**TRY IT:**
Write out the data below exactly as given, without any of its pictures.

**GIVEN INFORMATION:**
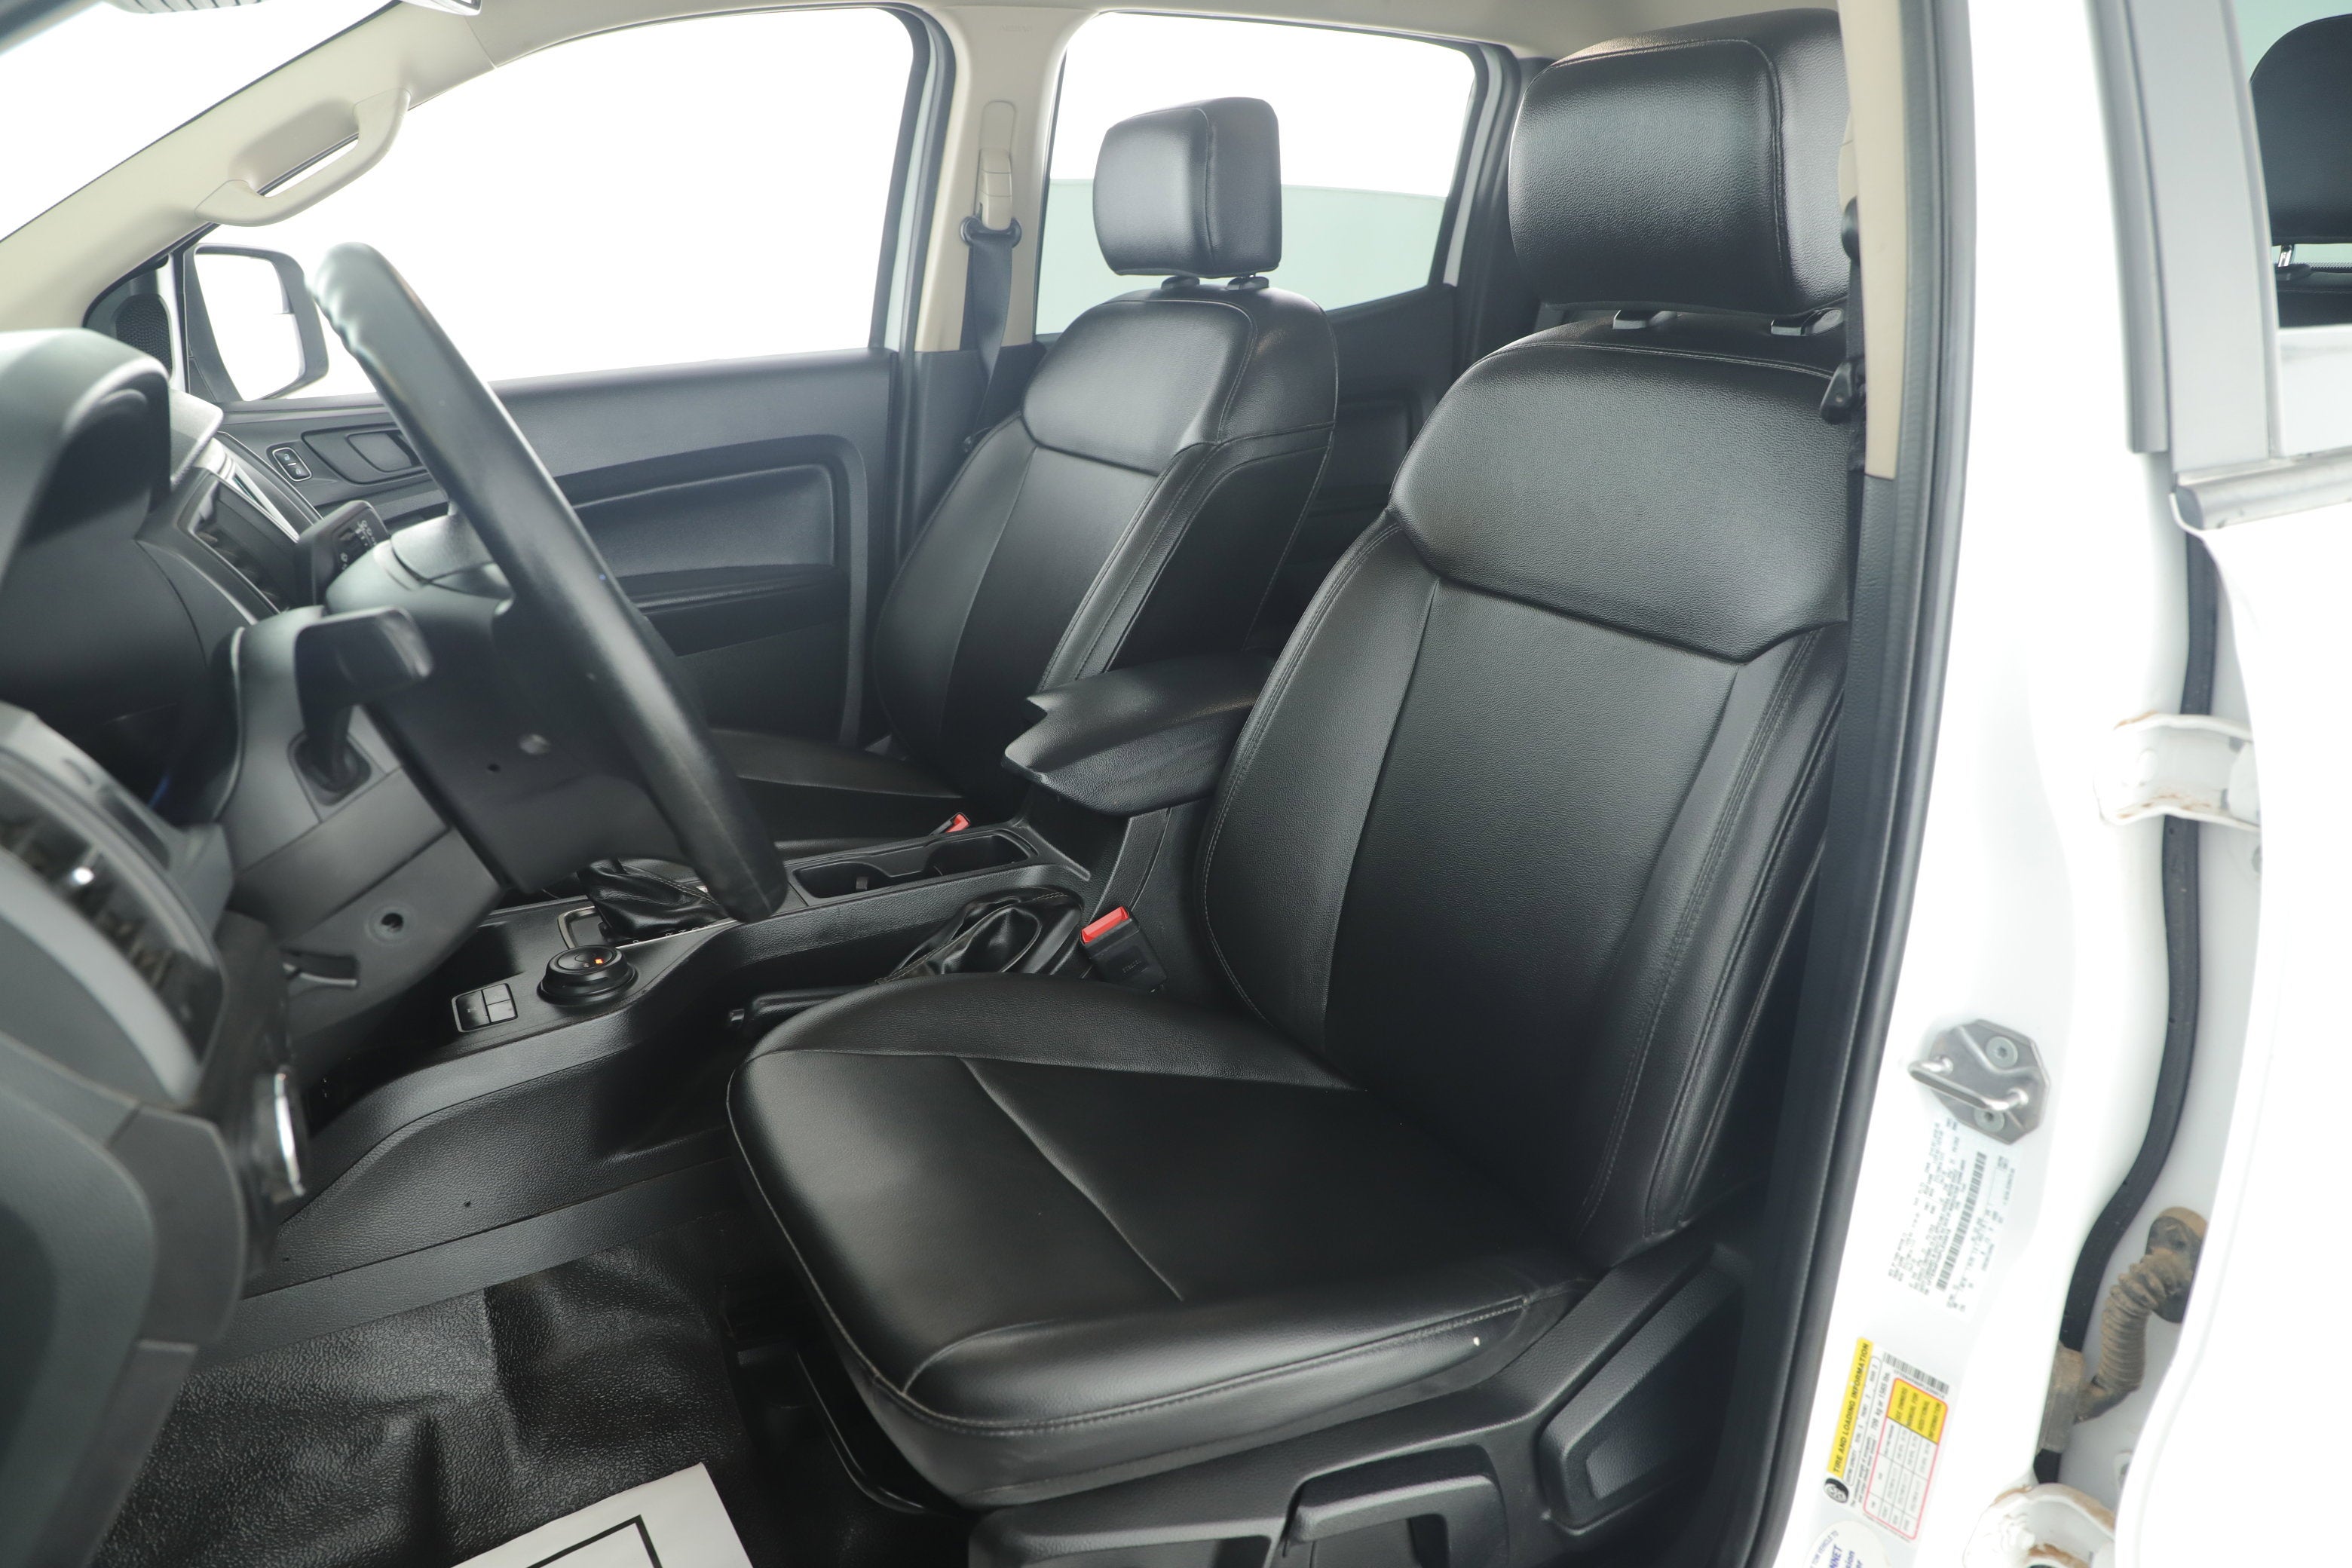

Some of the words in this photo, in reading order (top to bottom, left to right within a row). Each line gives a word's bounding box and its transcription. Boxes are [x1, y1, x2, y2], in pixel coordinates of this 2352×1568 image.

[1834, 1455, 1842, 1473] TIRE
[1839, 1436, 1847, 1453] AND
[1843, 1400, 1856, 1435] LOADING
[1851, 1343, 1870, 1399] INFORMATION
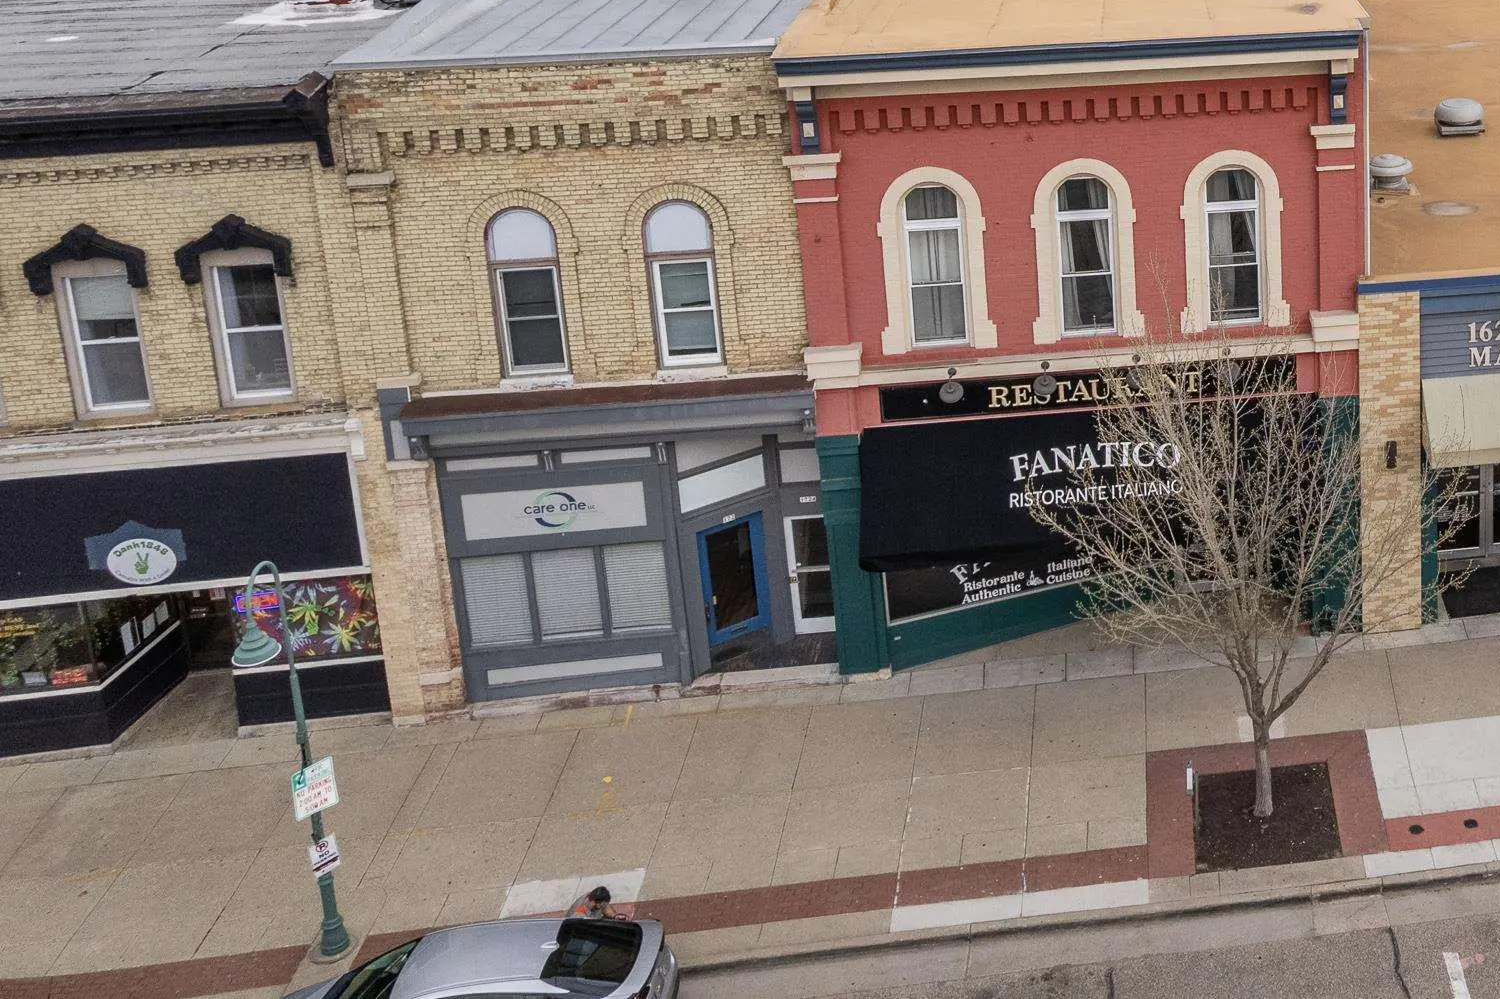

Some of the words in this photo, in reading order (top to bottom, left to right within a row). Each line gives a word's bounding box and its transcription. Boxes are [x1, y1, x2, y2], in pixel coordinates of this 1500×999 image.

[988, 371, 1201, 408] RETAURNT
[1009, 441, 1181, 482] FANATICO
[523, 504, 555, 515] care
[559, 501, 587, 512] one
[1009, 484, 1108, 509] RISTORANTE
[1110, 479, 1183, 500] ITALIANO
[961, 582, 1022, 605] Authentic
[1046, 567, 1091, 585] Cuisine
[963, 570, 1025, 592] Ristorante
[1047, 555, 1093, 574] Italiano
[319, 850, 329, 858] NO

**RESPONSE AREA:**
Some of the words in this photo, in reading order (top to bottom, left to right within a row). Each line gives a word's bounding box and its transcription. Boxes are [x1, y1, x2, y2], in pixel coordinates of this 2352×1568 image.

[1834, 1455, 1842, 1473] TIRE
[1839, 1436, 1847, 1453] AND
[1843, 1400, 1856, 1435] LOADING
[1851, 1343, 1870, 1399] INFORMATION

Some of the words in this photo, in reading order (top to bottom, left to right within a row). Each line gives a word's bounding box and its transcription. Boxes are [x1, y1, x2, y2], in pixel coordinates of this 1500×999 image.

[988, 371, 1201, 408] RETAURNT
[1009, 441, 1181, 482] FANATICO
[523, 504, 555, 515] care
[559, 501, 587, 512] one
[1009, 484, 1108, 509] RISTORANTE
[1110, 479, 1183, 500] ITALIANO
[961, 582, 1022, 605] Authentic
[1046, 567, 1091, 585] Cuisine
[963, 570, 1025, 592] Ristorante
[1047, 555, 1093, 574] Italiano
[319, 850, 329, 858] NO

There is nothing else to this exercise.